For me, one of the best aspects of travel is the people you encounter and the possible relationships that can be made. During Francesco’s stay in Lund, he met many students and made many friends, one of which was Kyle, an Irish girl studying at Oxford, who became a special friend. This, of course, tacked on a new location to his itinerary.

With a travel companion from Lund, Francesco travelled to Stockholm, Elsinore, Copenhagen and Amsterdam. After arriving in Amsterdam, Francesco and his new friend stopped at a local “coffee shoppe” and before parting ways, his friend insisted on eating a local specialty called “Space cake”. Poor Francesco had no idea what kind of trouble he was headed into, but after a few cakes, he was off to deliver that mysterious package from Pierre’s wife. Along the way, strange, psychotropic visions altered Francesco’s reality and he wound up awakening in a hospital with a bandaged head and zero recollection of how he got there and if the package was ever delivered. This, and his subsequent investigation led to a series of events that turn the story away from his simple rail travels and into a strange, murky adventure with Pierre. Together, they experienced glamorous evenings in London, a secret rendezvous in a Paris cemetery, hitting the casino in Monaco and being chased by goons in Rome!

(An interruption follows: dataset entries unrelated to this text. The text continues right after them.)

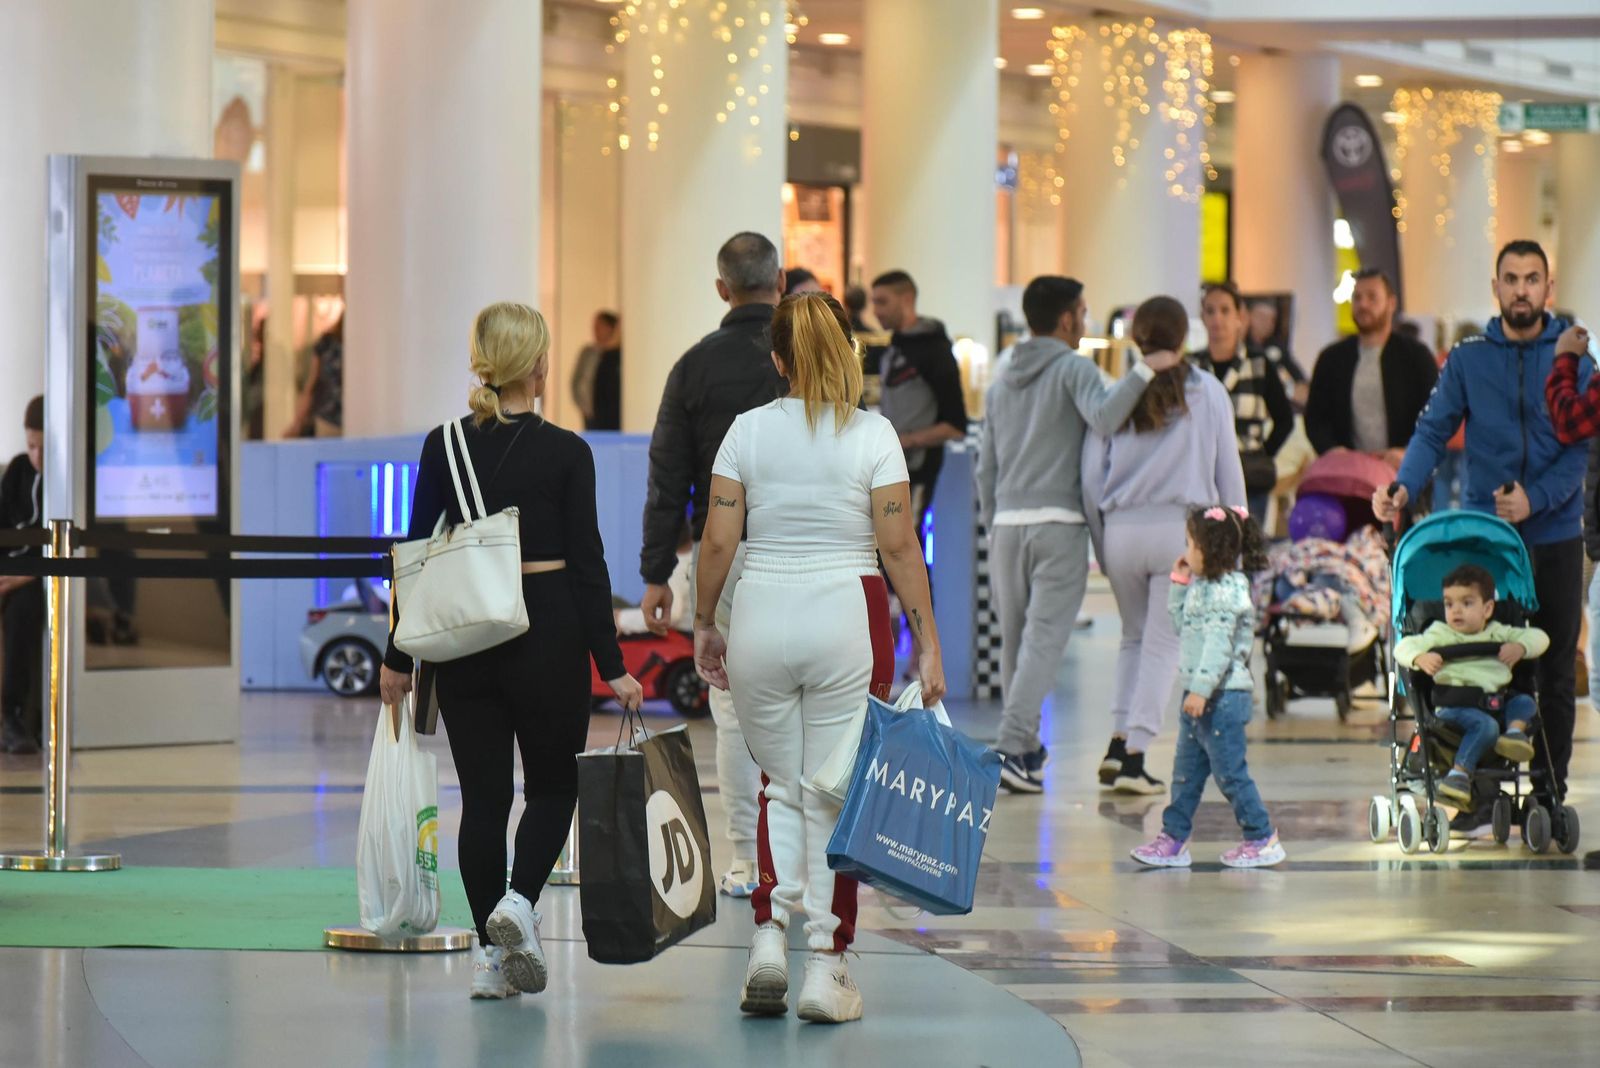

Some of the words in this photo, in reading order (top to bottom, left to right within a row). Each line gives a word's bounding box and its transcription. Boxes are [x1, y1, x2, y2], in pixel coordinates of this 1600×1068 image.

[864, 757, 993, 834] MARYPAZ
[660, 817, 695, 895] JD
[875, 832, 959, 876] www.marypaz.com
[887, 848, 943, 879] #MARYPAZLOVERS
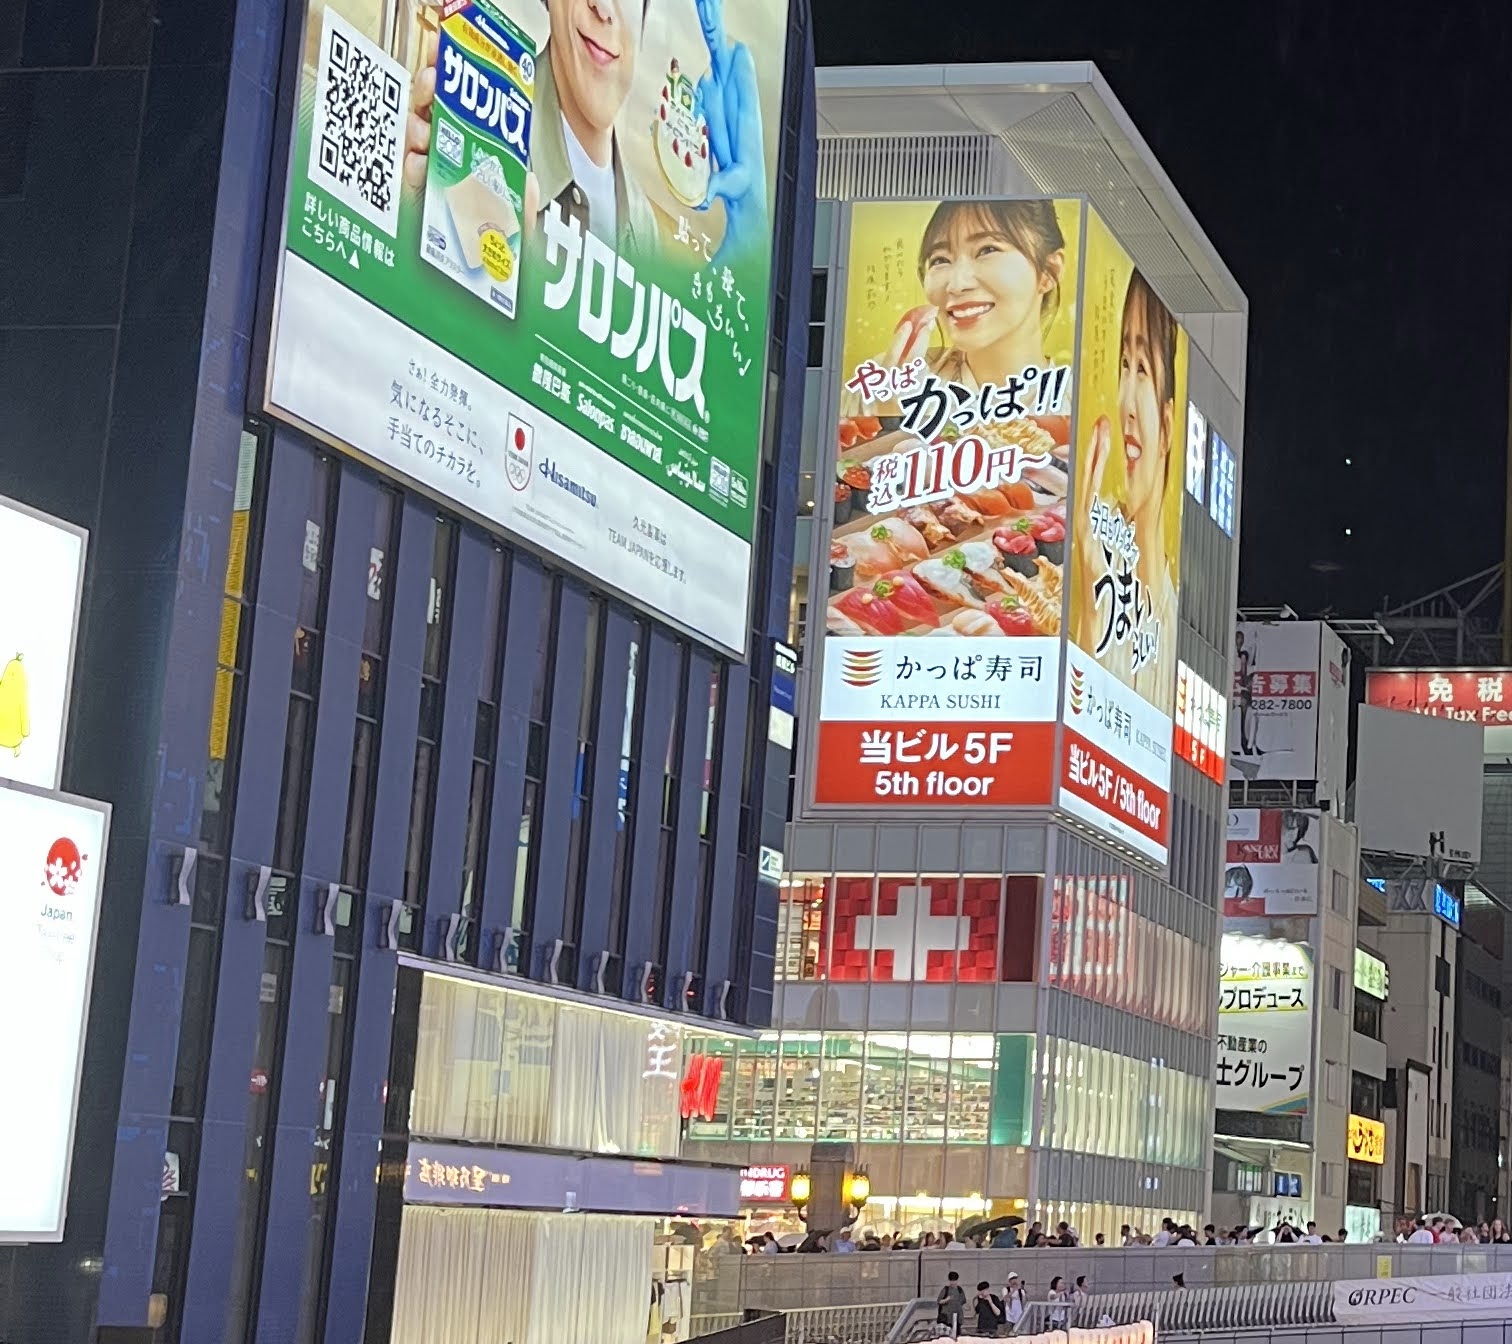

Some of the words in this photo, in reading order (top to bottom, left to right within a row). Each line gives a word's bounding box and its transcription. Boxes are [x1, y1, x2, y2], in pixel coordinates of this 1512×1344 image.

[522, 58, 532, 76] 40
[443, 45, 529, 159] サロンパス
[304, 191, 395, 269] 詳しい商品情報は
[543, 199, 708, 421] サロンパス
[847, 359, 921, 402] やっぱ
[902, 365, 1072, 441] かっぱ!!
[389, 380, 485, 456] 気になるそこに、
[387, 416, 482, 489] 手当てのチカラを。
[895, 655, 1044, 683] かっぱ寿司
[880, 694, 941, 710] KAPPA
[946, 694, 1001, 710] SUSHI
[1087, 685, 1132, 746] かっぱ寿司
[874, 771, 919, 797] 5th
[926, 771, 994, 797] floor
[1120, 779, 1136, 813] 5th
[1137, 791, 1161, 829] floor
[41, 904, 73, 921] Japan

I have to admit that once the story took a turn away from his rail travel, I found myself a bit disappointed because I longed for more rail stories. This book is marketed as an Inter rail story and I was expecting only that. While his adventure with crazy Pierre was certainly exciting and the story left me guessing at every turn who the bad guy really was—I wasn’t prepared for such change of direction.

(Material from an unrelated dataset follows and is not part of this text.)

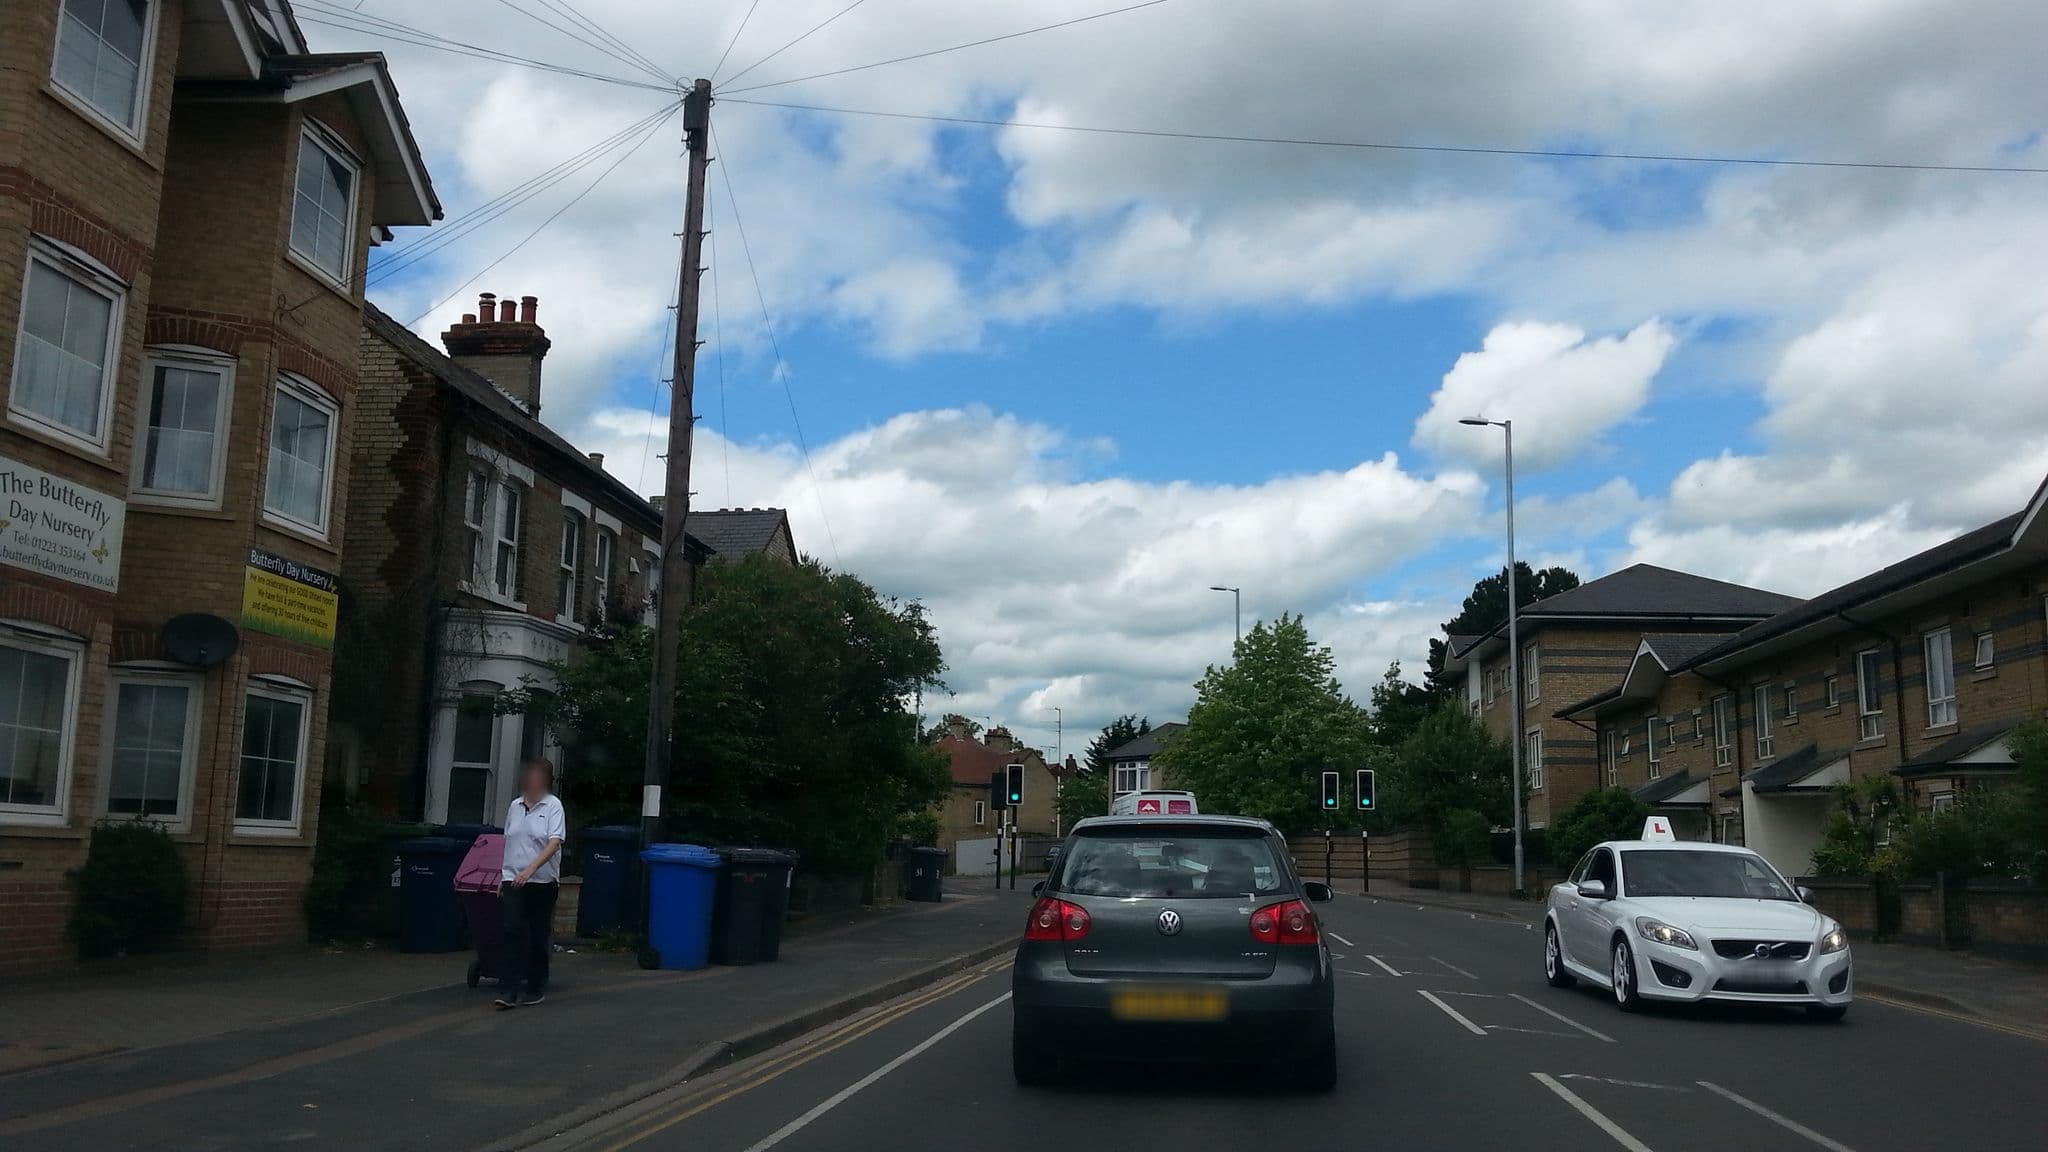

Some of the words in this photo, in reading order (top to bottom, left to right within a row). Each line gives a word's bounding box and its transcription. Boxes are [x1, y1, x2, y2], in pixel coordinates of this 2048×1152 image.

That being said, knowing now that the story is more about Francesco’s journey into manhood and the people and lessons he learns along the way, than it is about travelling Europe by rail pass, makes the story much more enjoyable. The bizarre things he witnessed and the lessons he was taught by Pierre were more valuable to him than a hundred more days on the train. And with his final parting from the story, Pierre left one last  “piece of advice” that inspired Francesco: “Do something with your life.”

Inter Rail is an exciting read and the audacity of Pierre will often leave you shaking your head. Right from wrong will be challenged and a world of ‘grey area’ will prevail. But of all the adventures, small and grand, my absolute favourite part of the book is the epilogue. It shows us Francesco, 20 years later, when he happens upon his rail pass in the back of a drawer. He thinks back to Pierre, reflects on that wild journey and what it did for his life. He wonders what Pierre would think of him and if he would approve of what did with his life.

Like beautiful gift-wrap, the epilogue ties everything together and wraps up the loose ends. It’s reflective and inspiring and it touched on a lot of my own thoughts and feelings. This momentary memoir completes the story of his life and describes what every dreamer and intrepid traveler hopes their life will become. As a fellow free spirit, I resonate with Francesco’s story as I try to live my own adventure and struggle to strike a balance between my desire to establish a life and my mortal fear of settling into a mundane existence. When I put the book down, I was filled with a sense of yearning and longing to have a similar satisfaction when looking back on my own life. 

If you like travel stories and adventures in Europe, Inter Rail is a great read.